Re: Repository for the conversion machinery

On 7 October 2016 at 22:26, Joseph Myers wrote:
> On Fri, 7 Oct 2016, Frank Ch. Eigler wrote:
>> FWIW, I thought at one point the consensus was that the mailmap would
>> expand only to $ rather than $userid@$organization,
>> esp. considering the case where there is no single $organization that
>> accurately covers the whole contribution timespan of the given $userid.
> I don't think there was any such consensus (older ids weren't from
> anyway so would be nonsense for that part of the
> history).
> My view is: contributors are free to specify what name and email address
> they want used, but if they want something other than a single name and
> email address for the whole commit history with a given username, it's the
> contributor's responsibility to come up with lists of commits that use
> each mapping rather than a hypothetical recipe based on examining
> ChangeLogs.

We'd only need to look at the actual ChangeLogs if the commit message
doesn't include a name and email address.
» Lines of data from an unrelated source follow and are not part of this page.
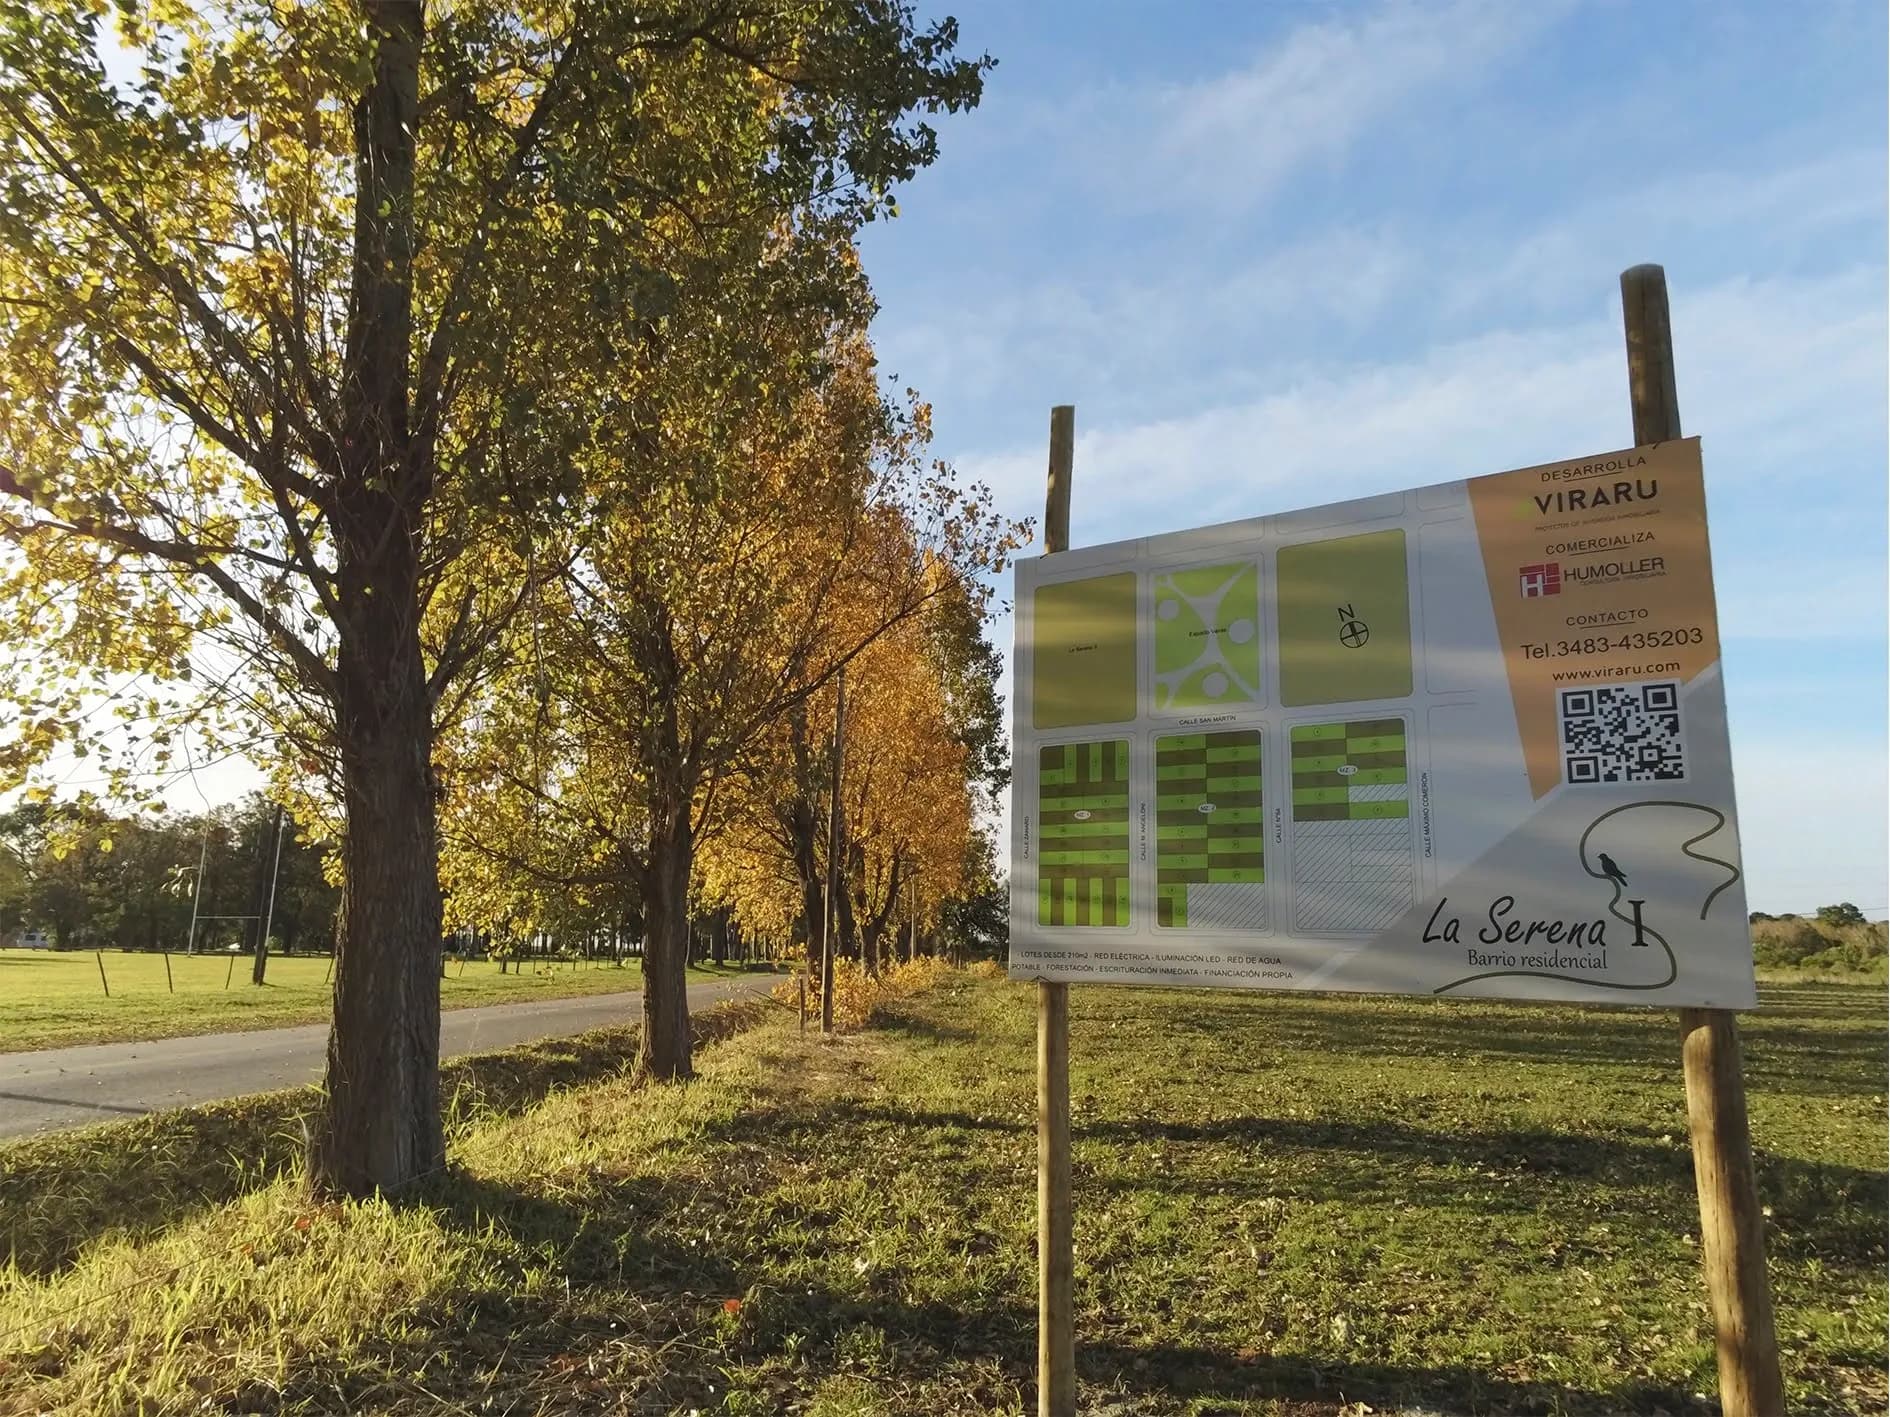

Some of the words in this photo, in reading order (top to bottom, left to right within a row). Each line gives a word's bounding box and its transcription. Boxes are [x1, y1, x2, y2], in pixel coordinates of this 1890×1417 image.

[1541, 456, 1647, 482] DESARROLLA
[1533, 479, 1658, 515] VIRARU
[1545, 531, 1656, 555] COMERCIALIZA
[1563, 557, 1665, 582] HUMOLLER
[1338, 603, 1355, 622] N
[1566, 608, 1649, 626] CONTACTO
[1520, 627, 1704, 660] Tel.3483-435203
[1552, 661, 1681, 682] www.viraru.com
[1178, 718, 1198, 726] CALLE
[1424, 836, 1432, 858] CALLE
[1422, 897, 1460, 943] La
[1478, 895, 1607, 949] Serena
[1627, 900, 1649, 947] I
[1020, 951, 1042, 959] LOTES
[1043, 951, 1066, 959] DESDE
[1094, 952, 1109, 960] RED
[1205, 955, 1221, 963] LED
[1226, 955, 1244, 964] RED
[1245, 956, 1257, 964] DE
[1258, 957, 1282, 965] AGUA
[1467, 949, 1517, 968] Barrio
[1520, 949, 1609, 970] residencial
[1011, 963, 1041, 971] POTABLE
[1160, 967, 1199, 976] INMEDIATA
[1262, 971, 1293, 979] PROPIA
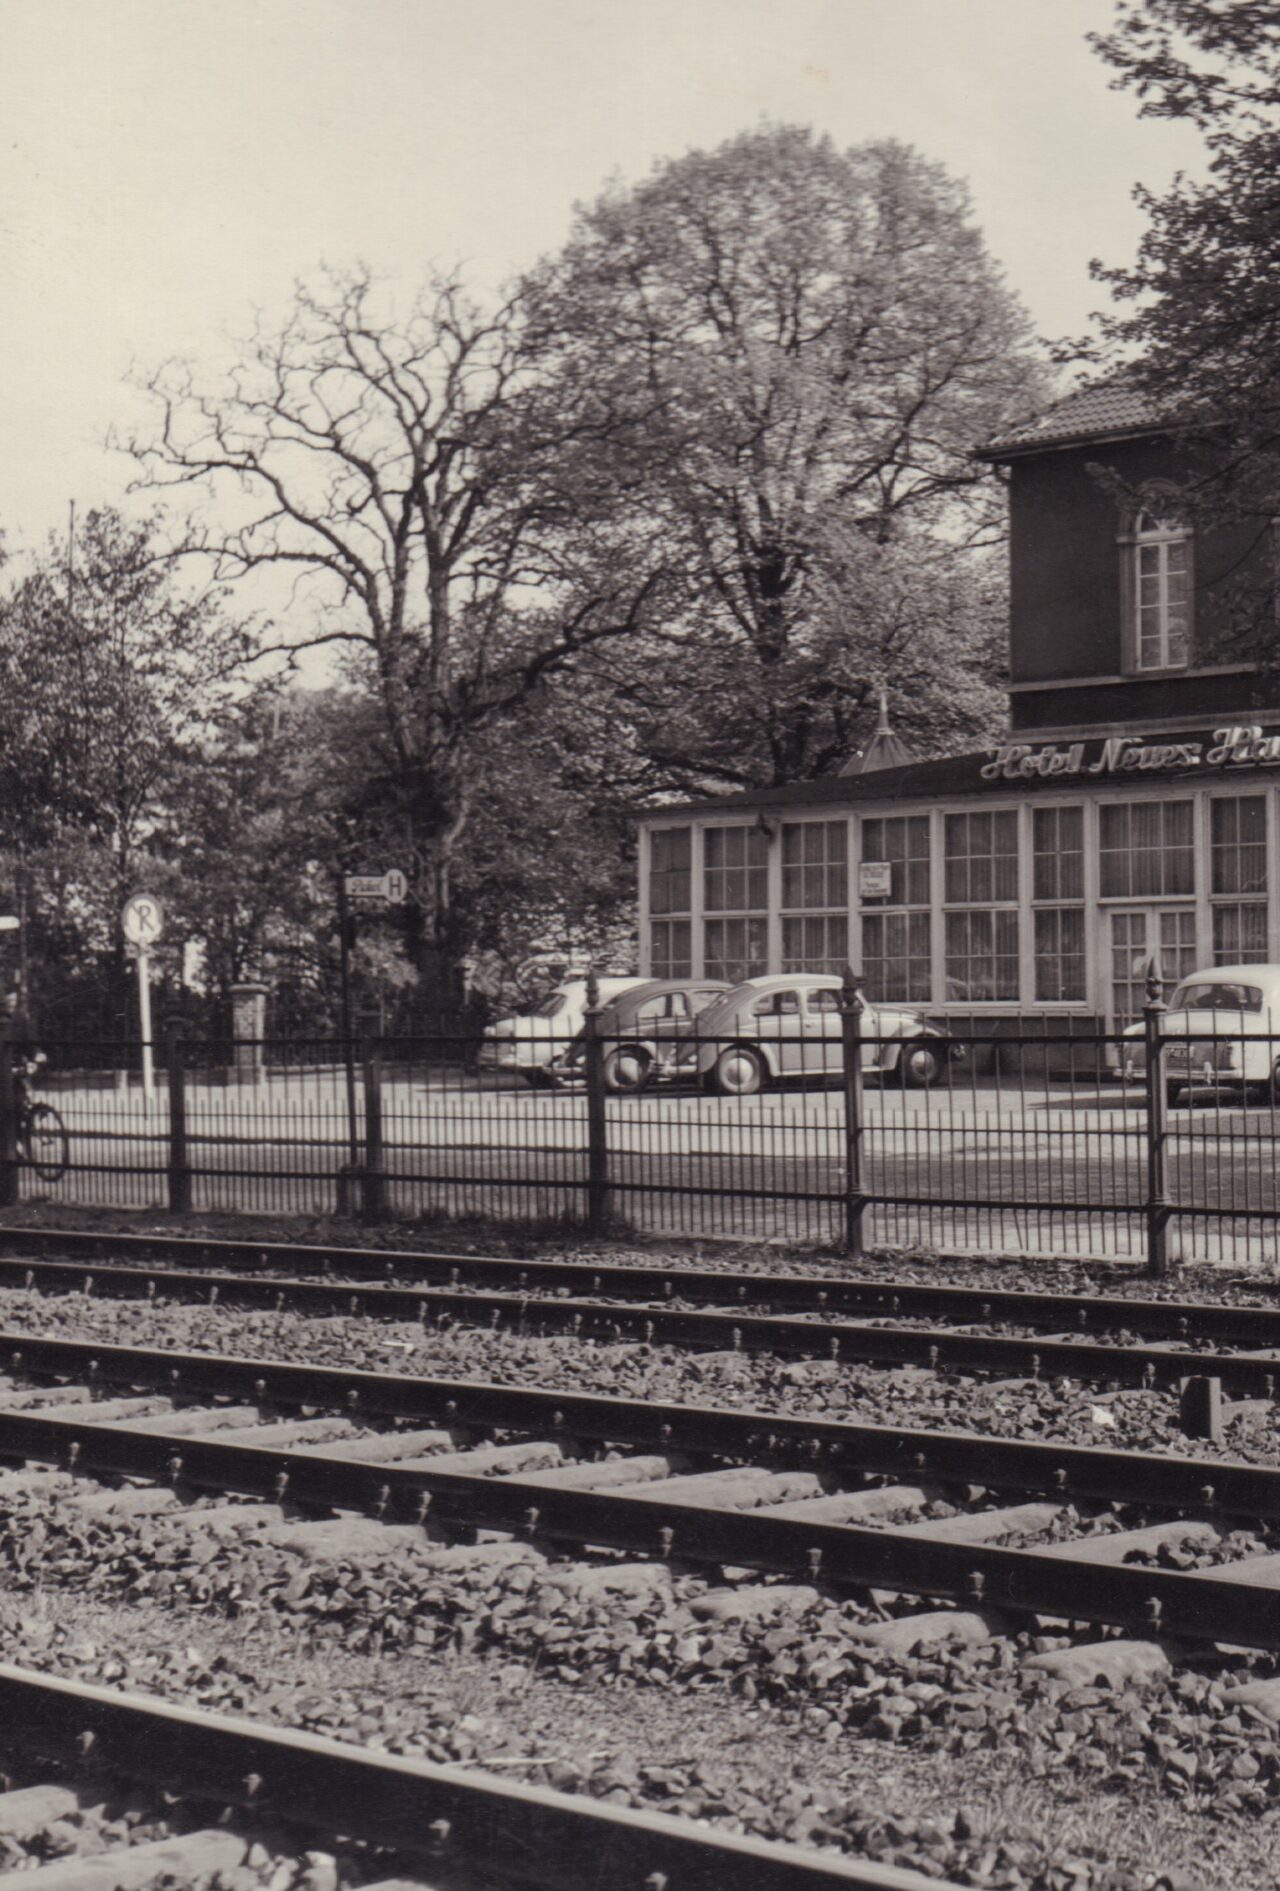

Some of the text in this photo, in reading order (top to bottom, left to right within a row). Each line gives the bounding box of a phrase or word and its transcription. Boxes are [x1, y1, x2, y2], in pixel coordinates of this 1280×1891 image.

And if we just use the
committer, how do we record the author of a change?

As Richi said a year ago (and my reply was drafted a year ago but not sent) ...

On 17 September 2015 at 11:44, Richard Biener wrote:
> Maybe I'm missing sth but apart from the CVS imported revisions each
> SVN revision should contain the actual change plus the changes to the
> ChangeLog files (you can't count on the commit message itself I guess
> as not all people replicate the ChangeLog entries there).

It's probably a good start though. If the commit message does have:

YYYY-MM-DD  John Doe  <>

then it's probably reliable. If the commit message doesn't have that
(when I'm committing my own work I don't include that line in the
commit message) then look for ChangeLog entries in the commit.

> There may be cases we can't handle and then doing some commit ID
> mapping might be ok, but I expect 95% of the cases to work out nicely
> so we should preserve what is in the ChangeLog entry (note that we have
> very strict formatting requirement for the authors there).

Particularly since the ChangeLog entry gives the Author, which is
often not the same as the Committer.

> [reposurgeon aside from observations with other conversions where
> different author maps were needed for different revisions: the revision
> range for commits from the gcc2 repository works in the GCC case because
> that revision range came from CVS and so there are no tags with valid
> commit authors in that range.  But if you have a repository with different
> ranges of commits having different author maps *and* those ranges contain
> SVN tags, simply specifying a range <SVN-commit>..<SVN-commit> doesn't
> work as expected, since ranges are interpreted in reposurgeon's ordering
> of events, not SVN's ordering, and the tag events are out of sequence with
> the commit events.]